=== Assignment ===
Output the listing below verbatim, without images.

=== Records ===
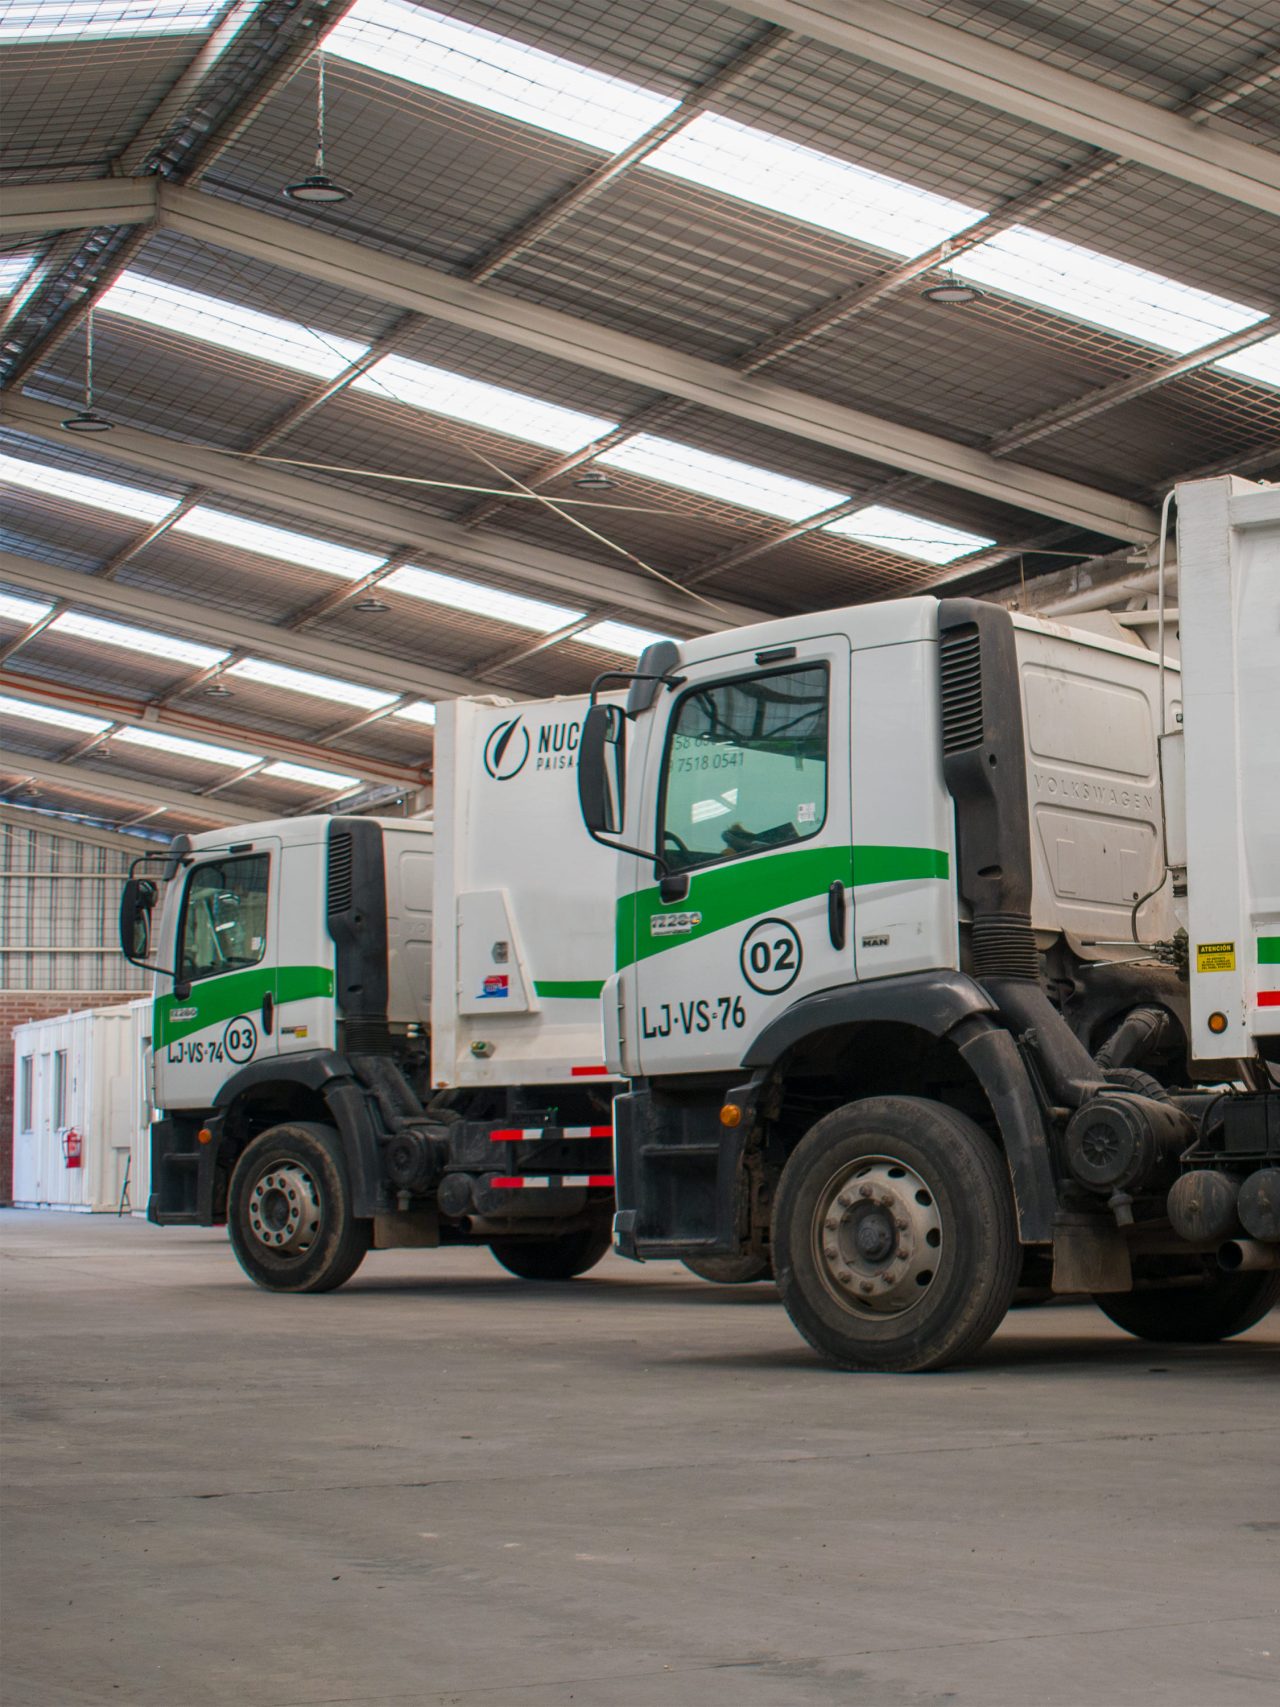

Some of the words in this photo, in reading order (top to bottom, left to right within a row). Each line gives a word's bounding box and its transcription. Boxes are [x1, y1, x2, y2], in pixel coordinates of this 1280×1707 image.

[538, 722, 579, 753] NUC
[536, 755, 578, 771] PAISA
[678, 756, 709, 773] 7518
[713, 752, 744, 769] 0541
[1034, 774, 1153, 812] VOLKSWAGEN
[862, 939, 888, 948] MAN
[751, 939, 795, 974] 02
[230, 1029, 253, 1050] 03
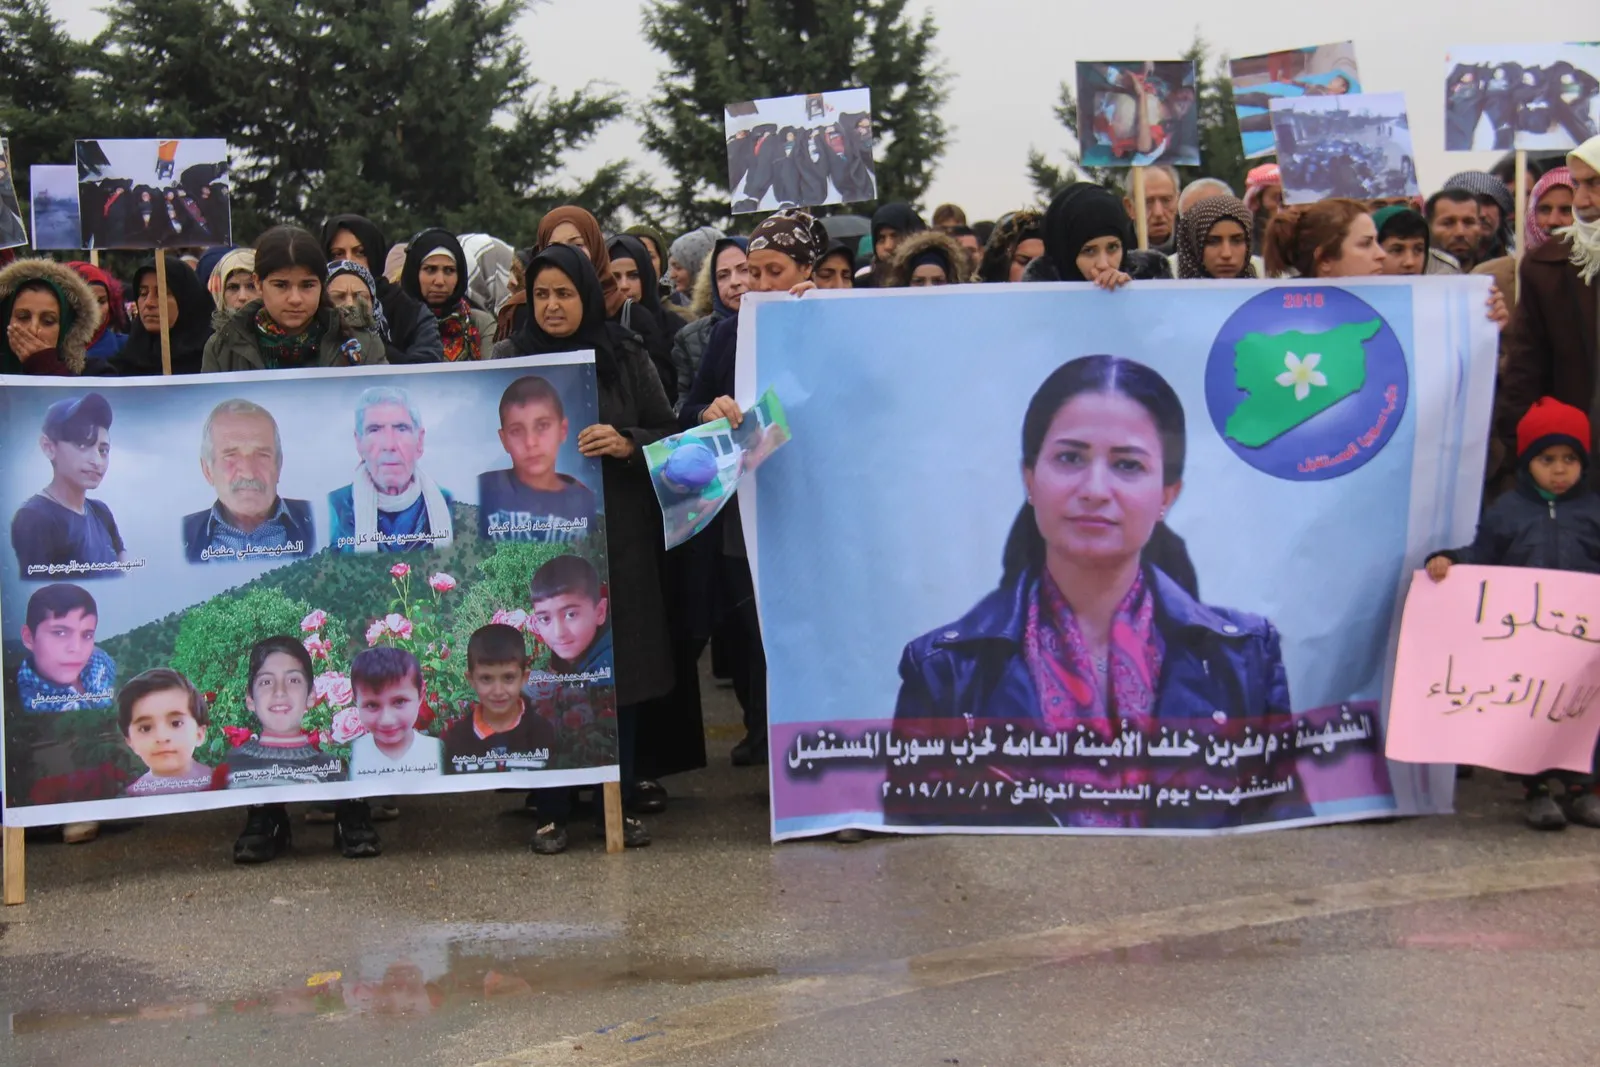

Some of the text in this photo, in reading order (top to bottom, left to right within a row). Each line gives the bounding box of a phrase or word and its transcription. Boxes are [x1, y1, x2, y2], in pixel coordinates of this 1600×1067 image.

[1283, 293, 1324, 309] 2018
[420, 529, 449, 543] الشهيد
[553, 517, 588, 533] الشهيد
[200, 540, 303, 560] الشهيد علي عثمان
[91, 562, 116, 572] محمد
[116, 558, 146, 572] الشهيد
[1475, 579, 1600, 644] قتلوا
[1426, 654, 1546, 719] الأبرياء
[1002, 723, 1068, 758] العامة
[1073, 718, 1142, 766] الأمينة
[1147, 726, 1200, 757] خلف
[1294, 704, 1371, 756] الشهيدة
[787, 729, 880, 769] المستقبل
[885, 730, 945, 766] سوريا
[950, 725, 997, 766] لحزب
[413, 762, 438, 774] الشهيد
[1010, 778, 1073, 805] الموافق
[1079, 783, 1150, 806] السبت
[1155, 785, 1190, 808] يوم
[1195, 775, 1293, 806] استشهدت
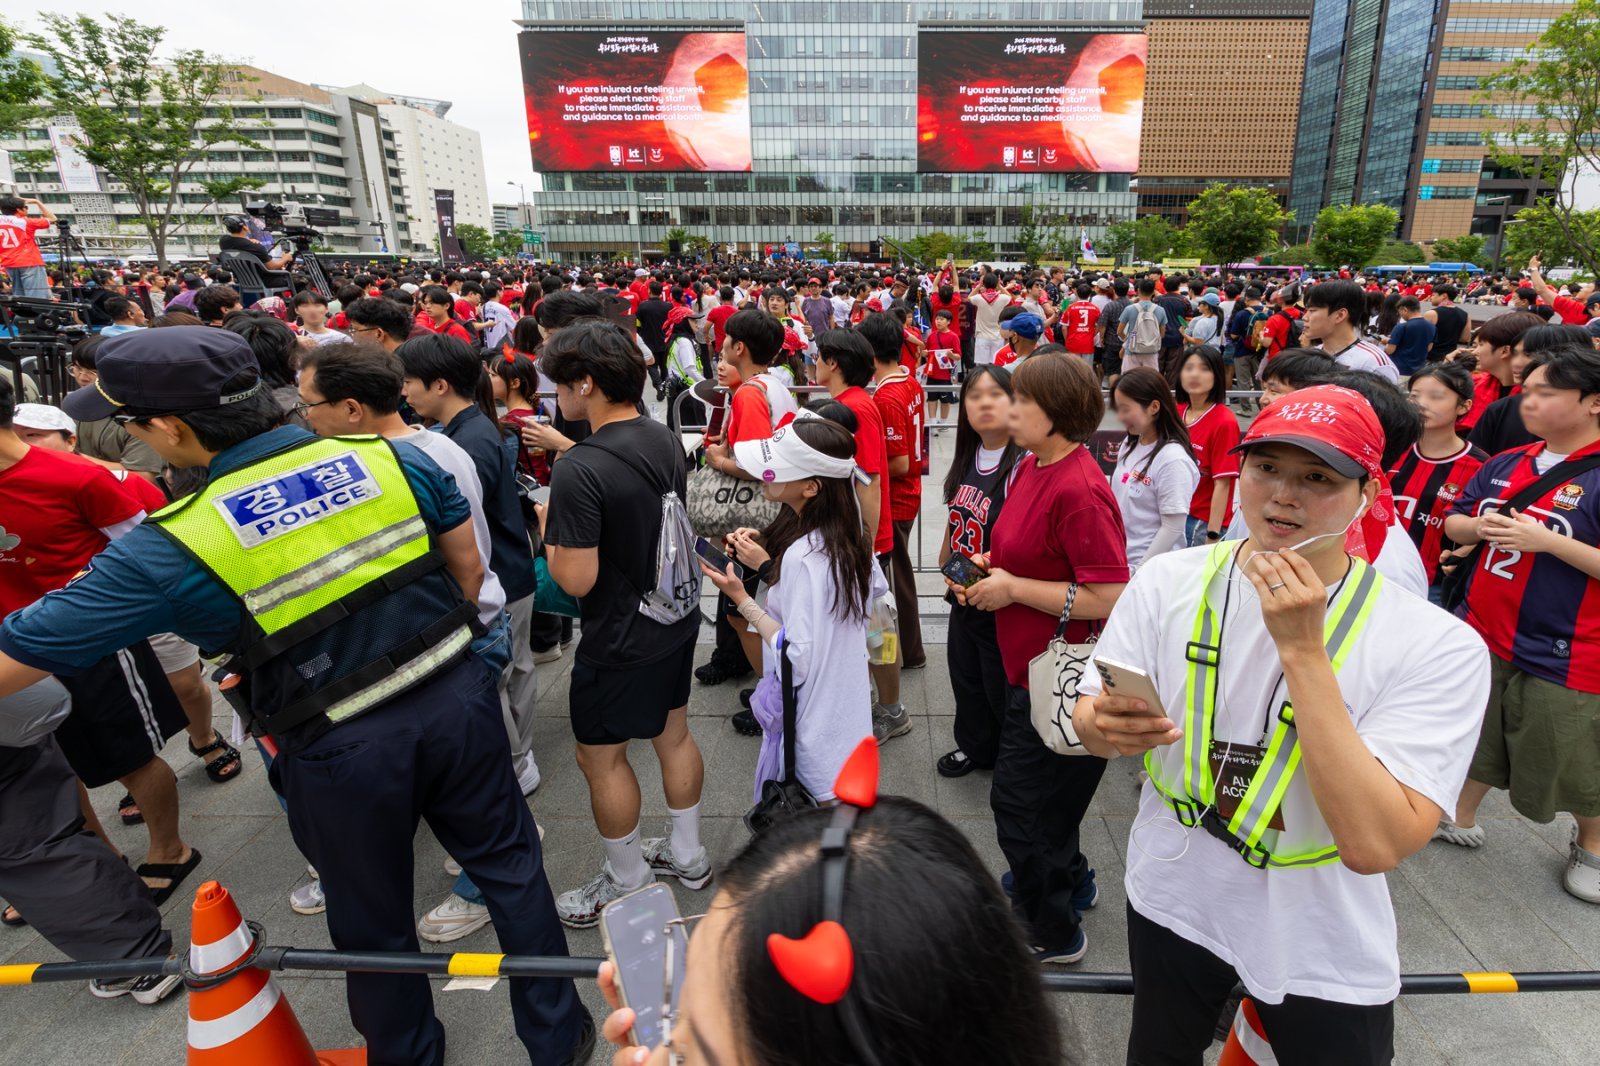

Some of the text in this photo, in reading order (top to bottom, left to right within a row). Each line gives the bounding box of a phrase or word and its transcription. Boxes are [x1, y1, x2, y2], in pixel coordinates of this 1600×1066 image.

[558, 85, 565, 94] If
[566, 86, 583, 95] you
[584, 86, 599, 94] are
[600, 85, 632, 94] injured
[633, 86, 643, 94] or
[643, 85, 675, 95] feeling
[959, 86, 966, 94] If
[967, 87, 984, 96] you
[1002, 86, 1034, 95] injured
[1034, 87, 1044, 95] or
[1045, 86, 1076, 96] feeling
[579, 95, 608, 104] please
[632, 95, 664, 104] nearby
[979, 96, 1008, 104] please
[1032, 96, 1064, 104] nearby
[564, 104, 703, 112] to receive immediate assistance
[1008, 105, 1054, 113] immediate
[1055, 105, 1102, 113] assistance
[563, 113, 580, 121] and
[581, 113, 623, 122] guidance
[623, 113, 634, 121] to
[641, 113, 677, 121] medical
[960, 114, 979, 122] and
[979, 114, 1021, 123] guidance
[1022, 114, 1033, 122] to
[1040, 114, 1075, 122] medical
[628, 148, 640, 158] kt
[1022, 149, 1034, 159] kt
[0, 227, 20, 248] 21
[1078, 309, 1089, 327] 3
[1276, 402, 1310, 418] 우리
[714, 479, 754, 504] alo
[1552, 489, 1581, 506] Seoul
[255, 485, 366, 536] POLICE
[949, 508, 984, 559] 23
[1483, 540, 1522, 580] 12
[1222, 785, 1247, 798] ACC

=== Exercise solution ===
Some of the words in this photo, in reading order (top to bottom, left to right within a row). Each line gives a word's bounding box and its transcription. Boxes are [x1, y1, x2, y2], in pixel coordinates of this 1280×1707 image.

[538, 722, 579, 753] NUC
[536, 755, 578, 771] PAISA
[678, 756, 709, 773] 7518
[713, 752, 744, 769] 0541
[1034, 774, 1153, 812] VOLKSWAGEN
[862, 939, 888, 948] MAN
[751, 939, 795, 974] 02
[230, 1029, 253, 1050] 03

Some of the text in this photo, in reading order (top to bottom, left to right within a row). Each line gives the bounding box of a phrase or word and its transcription. Boxes are [x1, y1, x2, y2], in pixel coordinates of this 1600×1067 image.

[1283, 293, 1324, 309] 2018
[420, 529, 449, 543] الشهيد
[553, 517, 588, 533] الشهيد
[200, 540, 303, 560] الشهيد علي عثمان
[91, 562, 116, 572] محمد
[116, 558, 146, 572] الشهيد
[1475, 579, 1600, 644] قتلوا
[1426, 654, 1546, 719] الأبرياء
[1002, 723, 1068, 758] العامة
[1073, 718, 1142, 766] الأمينة
[1147, 726, 1200, 757] خلف
[1294, 704, 1371, 756] الشهيدة
[787, 729, 880, 769] المستقبل
[885, 730, 945, 766] سوريا
[950, 725, 997, 766] لحزب
[413, 762, 438, 774] الشهيد
[1010, 778, 1073, 805] الموافق
[1079, 783, 1150, 806] السبت
[1155, 785, 1190, 808] يوم
[1195, 775, 1293, 806] استشهدت

Some of the text in this photo, in reading order (top to bottom, left to right within a row). Each line gives the bounding box of a phrase or word and its transcription. Boxes are [x1, y1, x2, y2], in pixel coordinates of this 1600×1066 image.

[558, 85, 565, 94] If
[566, 86, 583, 95] you
[584, 86, 599, 94] are
[600, 85, 632, 94] injured
[633, 86, 643, 94] or
[643, 85, 675, 95] feeling
[959, 86, 966, 94] If
[967, 87, 984, 96] you
[1002, 86, 1034, 95] injured
[1034, 87, 1044, 95] or
[1045, 86, 1076, 96] feeling
[579, 95, 608, 104] please
[632, 95, 664, 104] nearby
[979, 96, 1008, 104] please
[1032, 96, 1064, 104] nearby
[564, 104, 703, 112] to receive immediate assistance
[1008, 105, 1054, 113] immediate
[1055, 105, 1102, 113] assistance
[563, 113, 580, 121] and
[581, 113, 623, 122] guidance
[623, 113, 634, 121] to
[641, 113, 677, 121] medical
[960, 114, 979, 122] and
[979, 114, 1021, 123] guidance
[1022, 114, 1033, 122] to
[1040, 114, 1075, 122] medical
[628, 148, 640, 158] kt
[1022, 149, 1034, 159] kt
[0, 227, 20, 248] 21
[1078, 309, 1089, 327] 3
[1276, 402, 1310, 418] 우리
[714, 479, 754, 504] alo
[1552, 489, 1581, 506] Seoul
[255, 485, 366, 536] POLICE
[949, 508, 984, 559] 23
[1483, 540, 1522, 580] 12
[1222, 785, 1247, 798] ACC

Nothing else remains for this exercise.